PARA O PRESENTE TER FUTURO - BAIXO ALENTEJO!

Nelson Brito - 21/03/2016 - 06:13

PARA O PRESENTE TER FUTURO - BAIXO ALENTEJO!

Após tantos anos de luta pelo desenvolvimento da região, depois de inúmeras estratégias desenhadas pelos partidos e pelos diversos poderes instituídos, por posições de contestação e de afirmação da população e de personalidades marcantes da região, eis que é chegado um tempo de afirmação de desafios únicos e fulcrais que determinarão a nossa sobrevivência e identidade nas próximas décadas.

A organização do território em áreas vitais tais como a saúde, a intervenção social, a educação, a economia e a cultura, carece de um modelo governativo, democrático e duradouro - aliás, o país no somatório de cada região demanda este processo.
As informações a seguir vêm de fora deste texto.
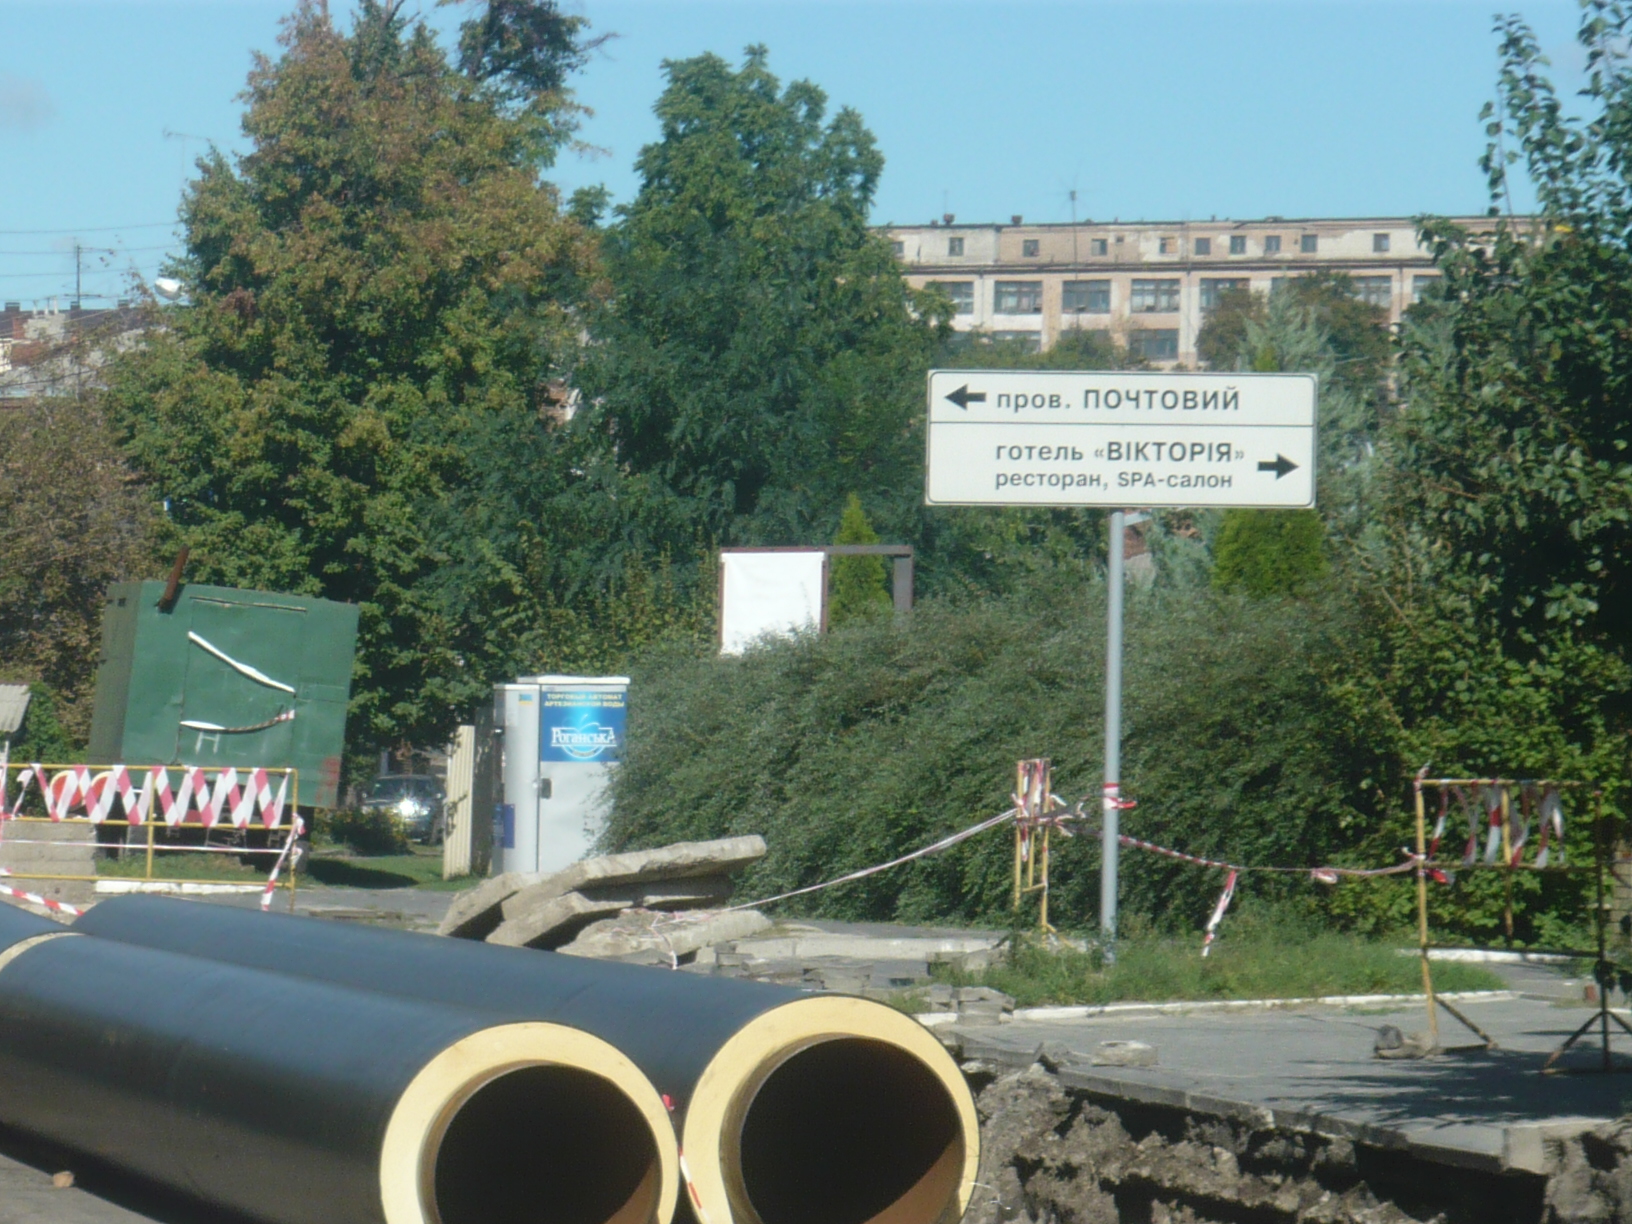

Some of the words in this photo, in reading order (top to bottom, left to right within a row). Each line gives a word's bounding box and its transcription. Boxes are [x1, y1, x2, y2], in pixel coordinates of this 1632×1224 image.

[996, 391, 1072, 413] пров.
[1084, 386, 1240, 411] ПОЧТОВИЙ
[996, 444, 1083, 462] готель
[1094, 441, 1245, 463] «ВІКТОРІЯ»
[995, 472, 1109, 490] ресторан,
[1118, 471, 1232, 489] SPA-салон
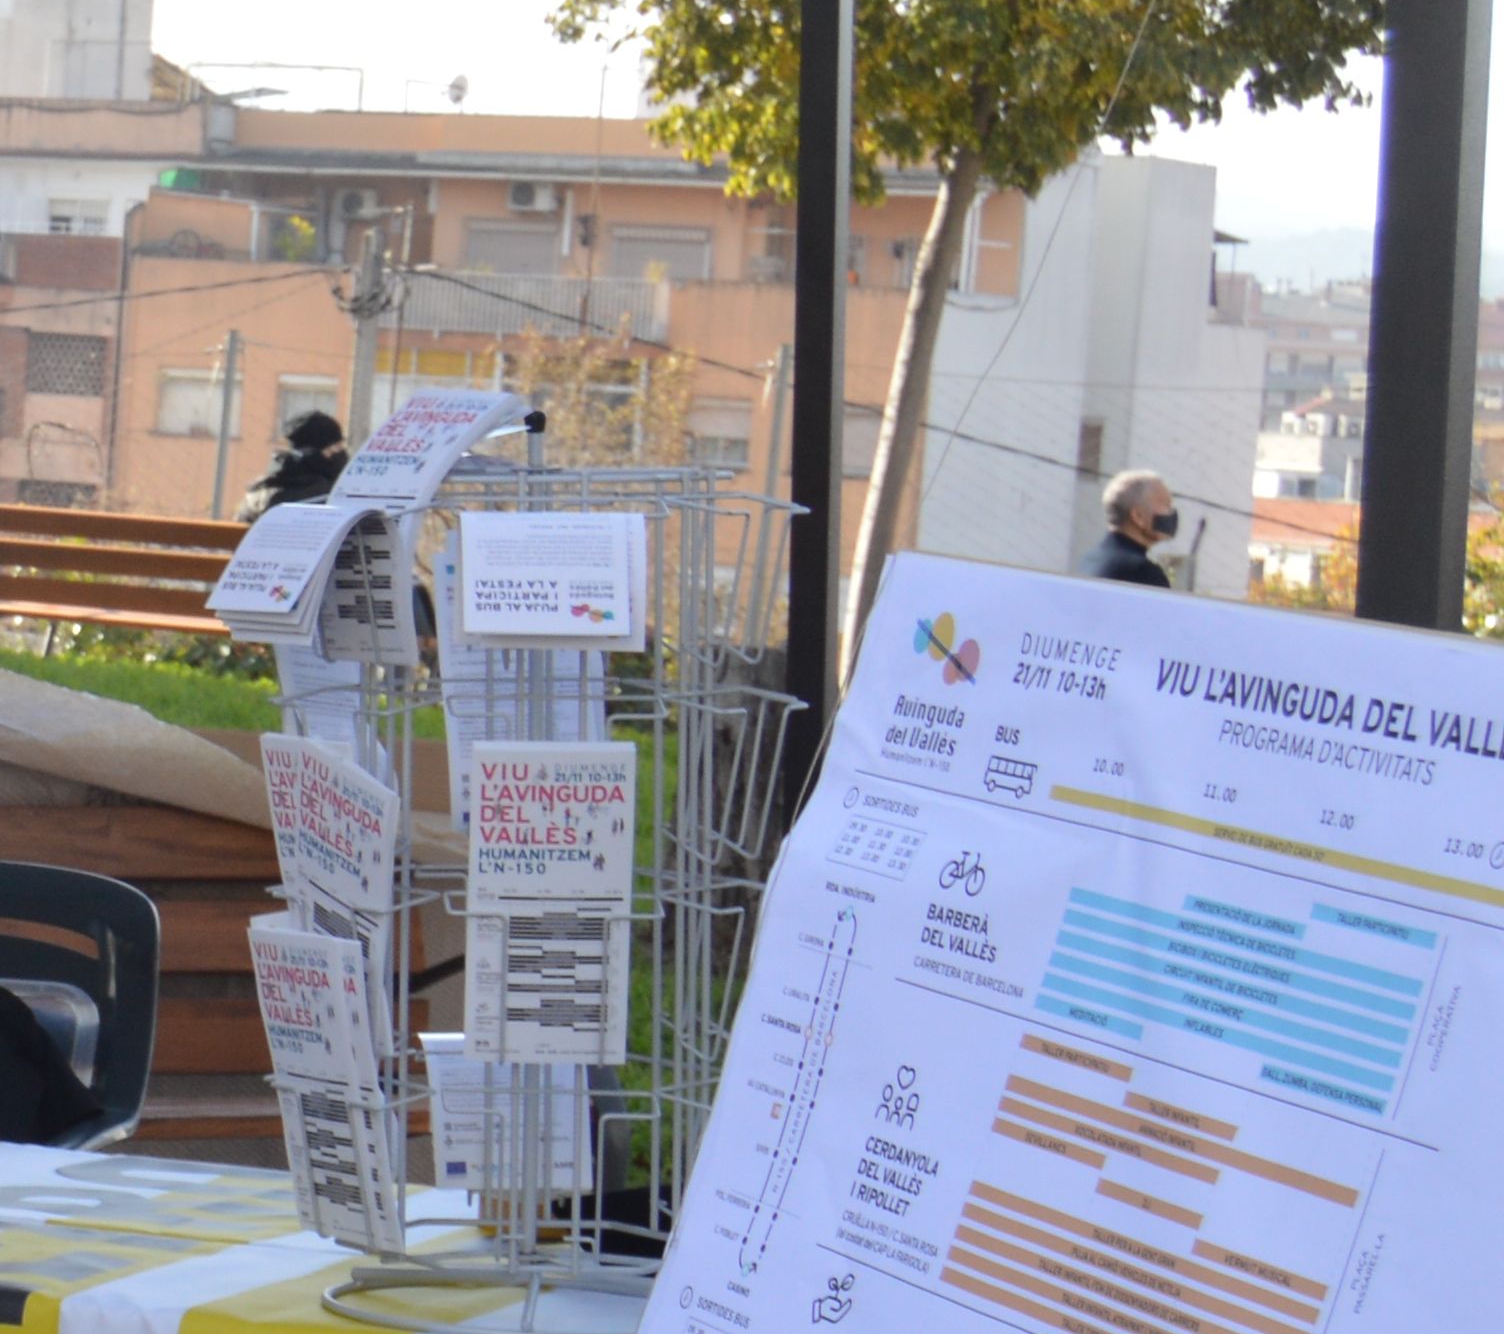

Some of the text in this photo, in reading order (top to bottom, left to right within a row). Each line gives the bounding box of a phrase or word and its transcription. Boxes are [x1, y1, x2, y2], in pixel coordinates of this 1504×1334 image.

[1021, 632, 1122, 671] DIUMENGE
[1012, 662, 1107, 701] 21/11 10-13h
[1156, 658, 1504, 761] VIU L'AVINGUDA DEL VALL
[995, 725, 1021, 746] BUS
[1218, 719, 1437, 787] PROGRAMA D'ACTIVITATS
[302, 750, 329, 781] VIU
[481, 763, 529, 781] VIU
[1093, 758, 1125, 777] 10.00
[554, 772, 626, 783] 21/11 10-13h
[480, 784, 625, 803] L'AVINGUDA
[1203, 783, 1238, 804] 11.00
[300, 789, 327, 822] DEL
[480, 805, 530, 823] DEL
[1320, 809, 1355, 830] 12.00
[479, 822, 578, 845] VALLÈS
[478, 848, 591, 861] HUMANITZEM
[1444, 838, 1484, 860] 13.00
[927, 903, 989, 936] BARBERÀ
[253, 942, 278, 961] VIU
[921, 926, 997, 963] DEL VALLÈS
[913, 955, 1024, 999] CARRETERA DE BARCELONA
[865, 1135, 939, 1178] CERDANYOLA
[857, 1157, 923, 1198] DEL VALLÈS
[857, 1183, 911, 1218] RIPOLLET
[733, 1309, 751, 1330] BUS
O nosso território tem que se consolidar, de uma vez por todas, entre Beja e o seu litoral. Alentejo uno ou não? 
Chegou, pois, um momento autónomo das agendas, políticas, corporativas, cívicas, determinado por desígnios e ideias fortes, com soluções simples e eficazes de combate a um quadro complexo da credibilidade dos agentes políticos e não menos complexo da realidade socioeconómica, sendo importante conseguirmos marcar tempos de decisões e soluções. 
Não podemos estar sujeitos às não decisões e indefinições dos projetos públicos marcantes. Se não dá, expliquem porque não dá!

Precisamos de, com clareza, ultrapassar os desafios de desenvolvimento da região e definir: Qual o modelo de viabilidade para o Empreendimento de Fins Múltiplos de Alqueva e da própria EDIA? Qual a sustentabilidade do ensino superior na região, em particular do Instituto Politécnico de Beja? Que saúde, que rede de valências e especialidades ao serviço dos doentes e utentes? Que rede de serviços e estruturas sociais? Que futuro para o setor agrícola e agroindústria, para as nossas minas, para o mar, para o turismo, para as artes e ofícios e para as organizações da economia social? Qual o destino da infraestrutura aeroportuária de Beja? Que características deverá ter nossa rede global de transportes? Que estratégias para melhorar as qualificações das pessoas? Que medidas para estancar a baixa demográfica? 

Para o nosso presente ter futuro, são estas as questões que devem ser respondidas – Agora!